A claim is not exhausted unless the petitioner has presented to the state court the
same operative facts and legal theory upon which his federal habeas claim is based.
Bland v. California Dept. Of Corrections, 20 F.3d 1469, 1473 (9th Cir. 1994). The
exhaustion requirement is not met when the petitioner presents to the federal court facts
or evidence which place the claim in a significantly different posture than it was in the
state courts, or where different facts are presented at the federal level to support the
same theory. See Nevius v. Sumner, 852 F.2d 463, 470 (9th Cir. 1988); Pappageorge
v. Sumner, 688 F.2d 1294, 1295 (9th Cir. 1982); Johnstone v. Wolff, 582 F. Supp. 455,
458 (D. Nev. 1984).
III.
Instant Petition
Ground 1
Williams contends that his counsel rendered ineffective assistance in violation of his
Sixth Amendment rights (ECF No. 7, p. 3). This court divides ground 1 into two parts.
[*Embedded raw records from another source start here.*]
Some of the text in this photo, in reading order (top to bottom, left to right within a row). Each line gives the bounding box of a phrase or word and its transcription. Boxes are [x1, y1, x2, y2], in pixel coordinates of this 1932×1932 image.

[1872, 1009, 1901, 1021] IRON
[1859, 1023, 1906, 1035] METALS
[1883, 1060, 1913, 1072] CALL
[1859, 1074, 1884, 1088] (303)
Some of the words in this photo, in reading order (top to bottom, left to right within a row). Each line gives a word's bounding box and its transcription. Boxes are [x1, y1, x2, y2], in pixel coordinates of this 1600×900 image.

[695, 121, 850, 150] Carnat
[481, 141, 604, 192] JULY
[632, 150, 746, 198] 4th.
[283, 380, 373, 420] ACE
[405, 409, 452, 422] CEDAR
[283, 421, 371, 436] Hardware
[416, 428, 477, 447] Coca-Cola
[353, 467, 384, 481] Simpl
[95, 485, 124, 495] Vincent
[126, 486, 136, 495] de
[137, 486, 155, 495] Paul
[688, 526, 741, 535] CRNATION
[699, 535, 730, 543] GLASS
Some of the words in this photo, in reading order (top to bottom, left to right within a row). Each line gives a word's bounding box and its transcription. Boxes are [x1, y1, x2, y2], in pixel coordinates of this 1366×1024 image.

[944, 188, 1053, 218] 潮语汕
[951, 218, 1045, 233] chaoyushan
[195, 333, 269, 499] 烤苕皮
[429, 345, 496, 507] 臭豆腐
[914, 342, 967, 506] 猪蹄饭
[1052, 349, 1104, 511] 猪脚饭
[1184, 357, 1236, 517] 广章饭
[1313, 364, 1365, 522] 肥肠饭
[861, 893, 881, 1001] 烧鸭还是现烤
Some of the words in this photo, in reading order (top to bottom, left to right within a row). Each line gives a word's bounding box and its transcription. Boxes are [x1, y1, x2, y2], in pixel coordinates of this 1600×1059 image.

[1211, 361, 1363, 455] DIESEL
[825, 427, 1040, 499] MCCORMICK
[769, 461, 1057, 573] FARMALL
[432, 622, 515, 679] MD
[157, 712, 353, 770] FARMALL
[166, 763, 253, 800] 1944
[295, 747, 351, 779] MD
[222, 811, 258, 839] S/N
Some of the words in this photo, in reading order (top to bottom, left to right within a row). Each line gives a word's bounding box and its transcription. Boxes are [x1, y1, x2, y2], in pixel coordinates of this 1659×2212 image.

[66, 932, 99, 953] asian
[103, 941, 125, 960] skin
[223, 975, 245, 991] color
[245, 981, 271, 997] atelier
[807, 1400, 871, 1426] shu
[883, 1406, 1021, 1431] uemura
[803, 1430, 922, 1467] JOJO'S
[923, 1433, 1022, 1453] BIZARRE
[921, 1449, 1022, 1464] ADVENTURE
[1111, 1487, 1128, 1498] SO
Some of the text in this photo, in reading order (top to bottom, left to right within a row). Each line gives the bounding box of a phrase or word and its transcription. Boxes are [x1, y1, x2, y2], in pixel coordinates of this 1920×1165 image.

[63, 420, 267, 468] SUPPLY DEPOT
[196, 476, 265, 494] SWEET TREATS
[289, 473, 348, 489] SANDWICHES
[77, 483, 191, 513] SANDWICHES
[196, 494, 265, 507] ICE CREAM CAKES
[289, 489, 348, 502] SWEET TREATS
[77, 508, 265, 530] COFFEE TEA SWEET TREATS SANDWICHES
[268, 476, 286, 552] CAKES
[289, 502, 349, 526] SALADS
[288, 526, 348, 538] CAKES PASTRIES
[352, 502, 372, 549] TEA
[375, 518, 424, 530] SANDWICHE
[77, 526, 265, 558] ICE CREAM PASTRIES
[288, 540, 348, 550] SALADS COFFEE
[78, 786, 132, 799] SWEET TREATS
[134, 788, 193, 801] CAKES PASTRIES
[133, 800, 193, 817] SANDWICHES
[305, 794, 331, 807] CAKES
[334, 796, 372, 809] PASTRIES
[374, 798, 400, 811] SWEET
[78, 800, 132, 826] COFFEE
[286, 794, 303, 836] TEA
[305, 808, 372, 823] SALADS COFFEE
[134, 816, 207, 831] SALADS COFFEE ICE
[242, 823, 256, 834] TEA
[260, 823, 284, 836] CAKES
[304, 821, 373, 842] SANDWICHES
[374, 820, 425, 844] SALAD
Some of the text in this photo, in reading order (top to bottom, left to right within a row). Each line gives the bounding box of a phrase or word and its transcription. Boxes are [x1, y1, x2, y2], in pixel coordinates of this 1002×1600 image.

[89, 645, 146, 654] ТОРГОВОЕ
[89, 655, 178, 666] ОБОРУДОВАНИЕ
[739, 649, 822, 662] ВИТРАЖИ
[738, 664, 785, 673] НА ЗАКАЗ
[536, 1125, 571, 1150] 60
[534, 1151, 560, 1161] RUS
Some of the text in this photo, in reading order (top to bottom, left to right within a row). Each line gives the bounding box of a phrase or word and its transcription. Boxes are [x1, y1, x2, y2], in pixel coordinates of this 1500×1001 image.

In ground 1A Williams alleges that counsel pressured him into accepting the plea
deal with “a closed folder” that purportedly contained evidence against petitioner, but
that only reflected convictions for shoplifting and obtaining money under false
pretenses. Williams alleges that counsel failed to investigate his mental health
concerns and drug addiction, failed to verify his employment and education and failed to
investigate the charges against him. Id.
As ground 1B Williams asserts that at sentencing counsel failed to object to the
weight, severity and content of the prior convictions, even after the state district court
expressed concerns. Williams argues that counsel failed to object when he was
sentenced under the habitual criminal statute without being sentenced on the two
counts and failed to object to the disproportionate sentence. Id.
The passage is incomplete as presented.